• [WHAT THE TASK REQUIRES]: For this exercise, copy the data exactly and omit any images.

• [DATASET]:

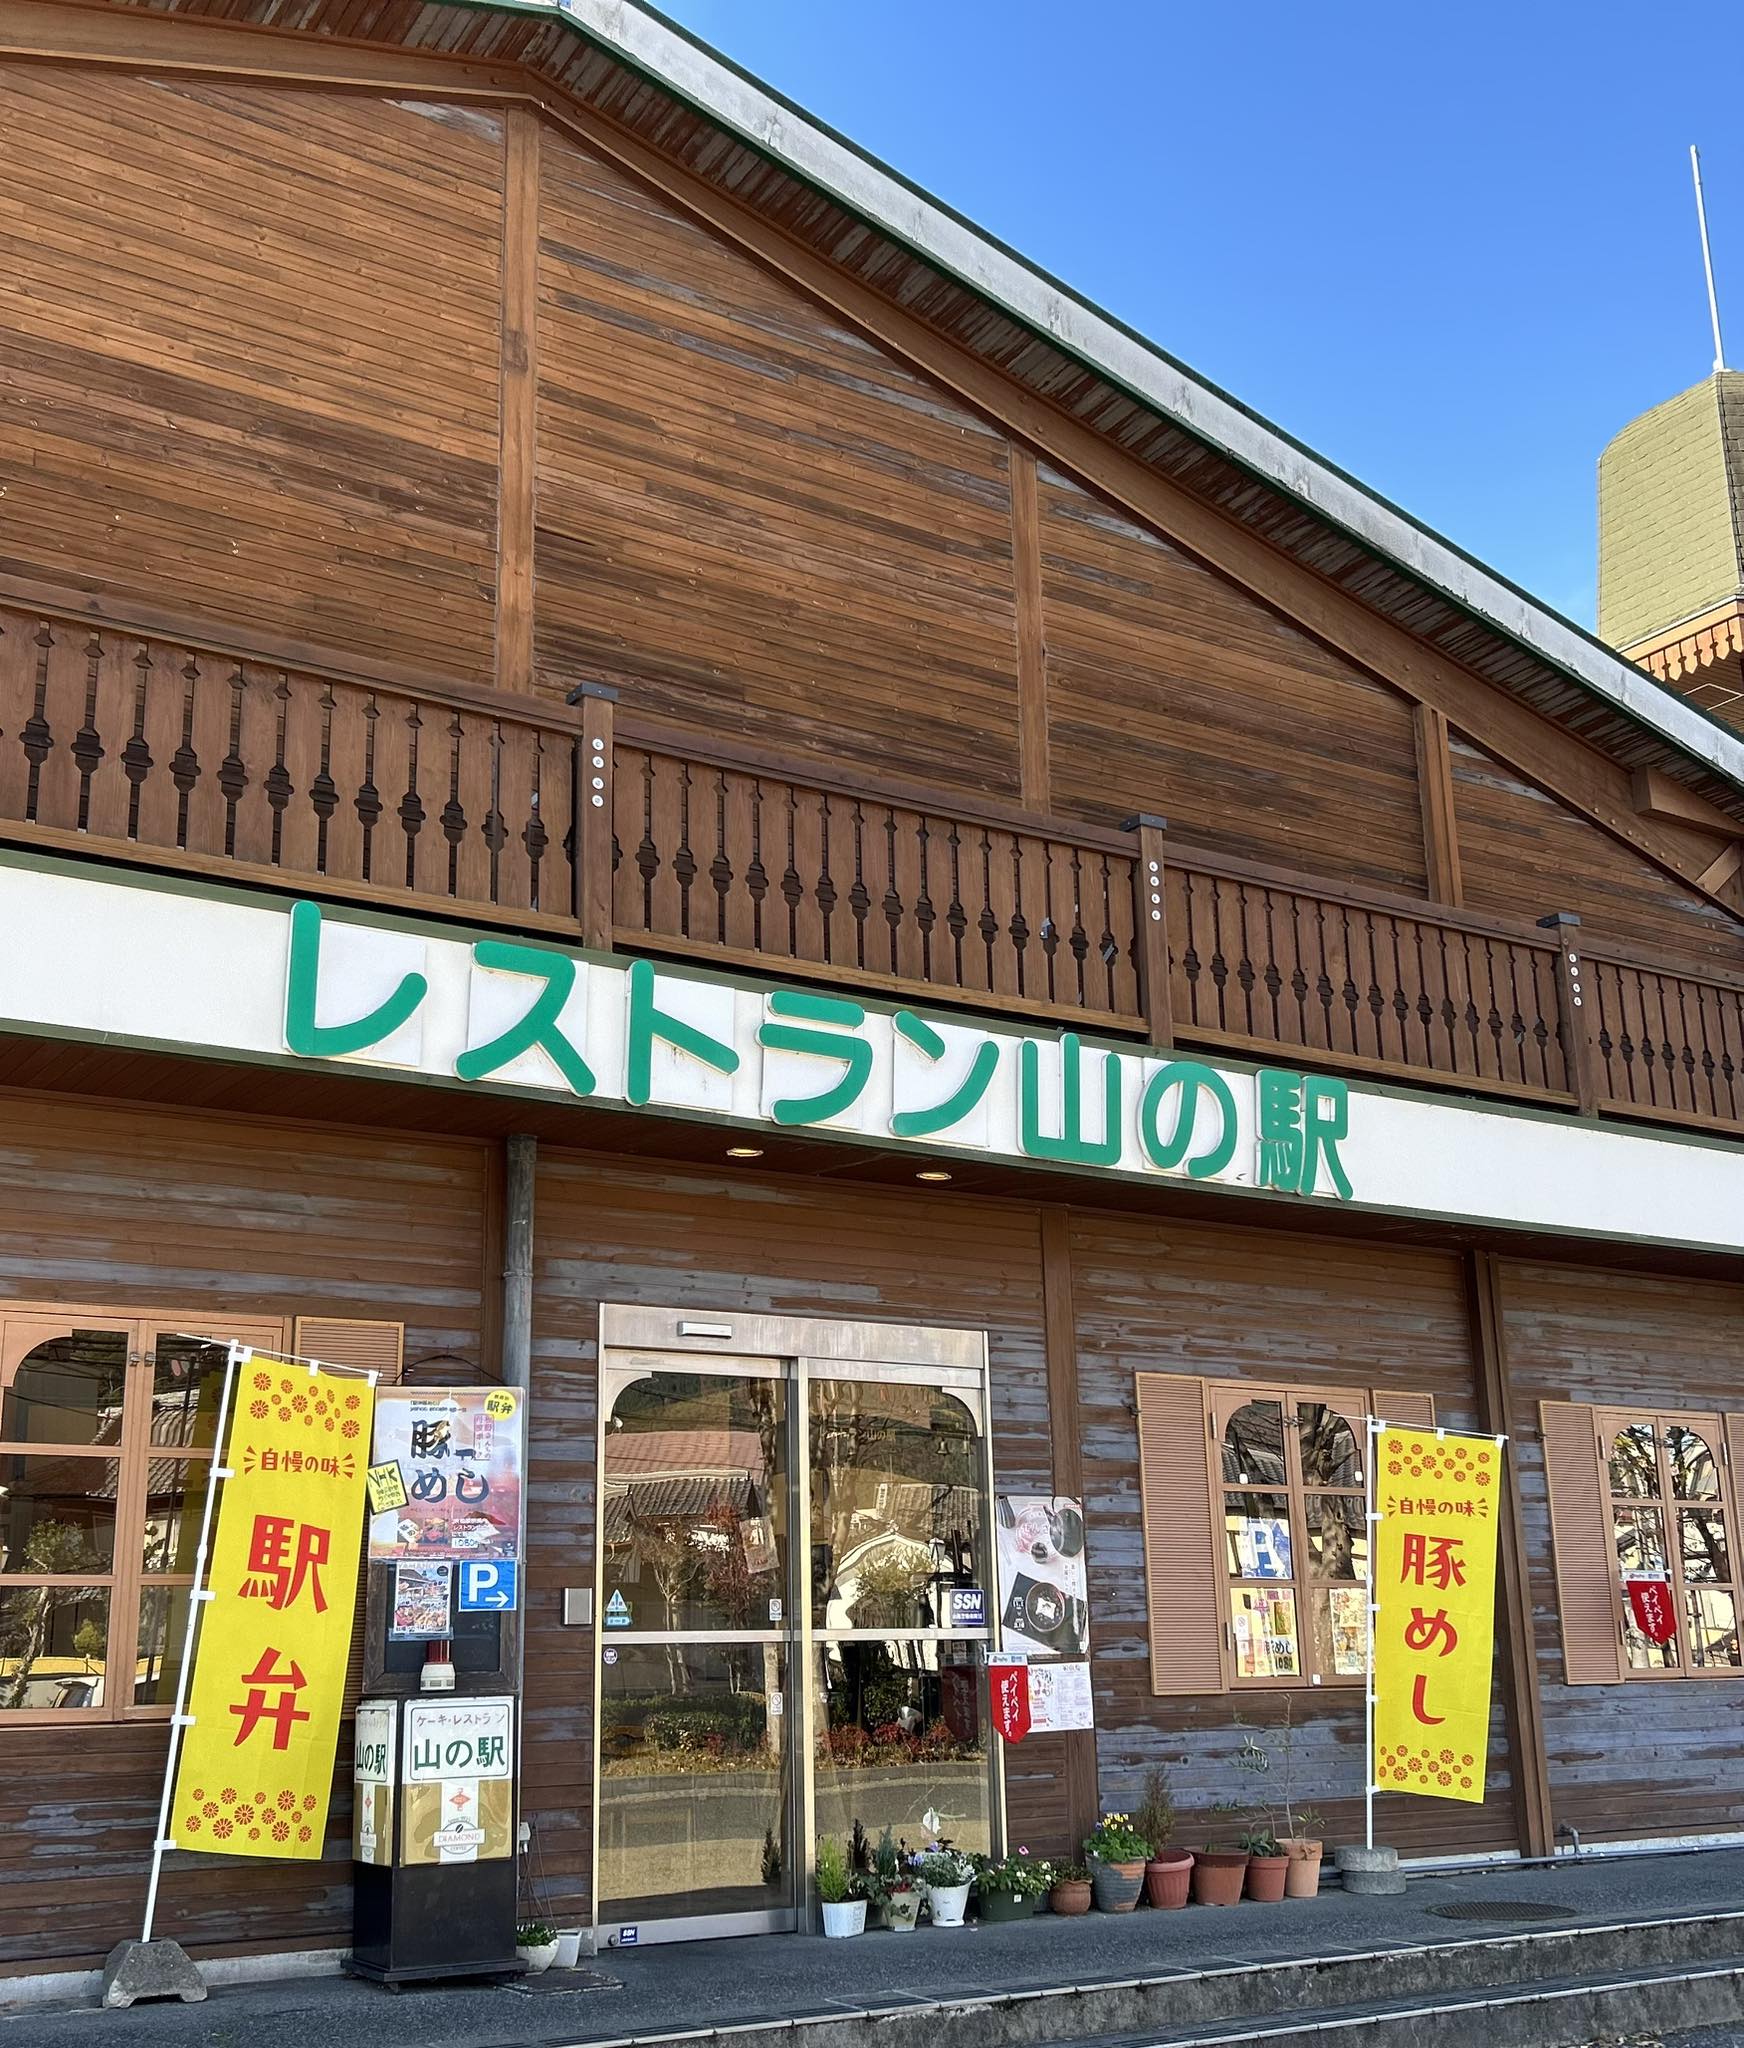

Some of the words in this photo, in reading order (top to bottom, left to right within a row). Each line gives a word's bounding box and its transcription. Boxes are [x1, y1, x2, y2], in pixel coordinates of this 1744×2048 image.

[286, 900, 1353, 1201] レストラン山の駅
[261, 1448, 340, 1478] 自慢の味
[1401, 1497, 1475, 1517] 自慢の味
[469, 1564, 499, 1602] P
[953, 1593, 982, 1610] SSN
[1648, 1585, 1663, 1625] ペイペイ
[230, 1514, 330, 1751] 駅弁
[1400, 1533, 1466, 1725] 豚めし
[1000, 1679, 1012, 1737] 使えます。
[1009, 1670, 1019, 1722] ペイペイ
[416, 1712, 505, 1727] ケーキ・レストラン
[355, 1740, 387, 1775] 山の駅
[414, 1735, 506, 1771] 山の駅
[438, 1833, 481, 1843] DIAMOND

• [WORKED SOLUTION]:
Some of the words in this photo, in reading order (top to bottom, left to right within a row). Each line gives a word's bounding box and its transcription. Boxes are [x1, y1, x2, y2], in pixel coordinates of this 1744×2048 image.

[286, 900, 1353, 1201] レストラン山の駅
[261, 1448, 340, 1478] 自慢の味
[1401, 1497, 1475, 1517] 自慢の味
[469, 1564, 499, 1602] P
[953, 1593, 982, 1610] SSN
[1648, 1585, 1663, 1625] ペイペイ
[230, 1514, 330, 1751] 駅弁
[1400, 1533, 1466, 1725] 豚めし
[1000, 1679, 1012, 1737] 使えます。
[1009, 1670, 1019, 1722] ペイペイ
[416, 1712, 505, 1727] ケーキ・レストラン
[355, 1740, 387, 1775] 山の駅
[414, 1735, 506, 1771] 山の駅
[438, 1833, 481, 1843] DIAMOND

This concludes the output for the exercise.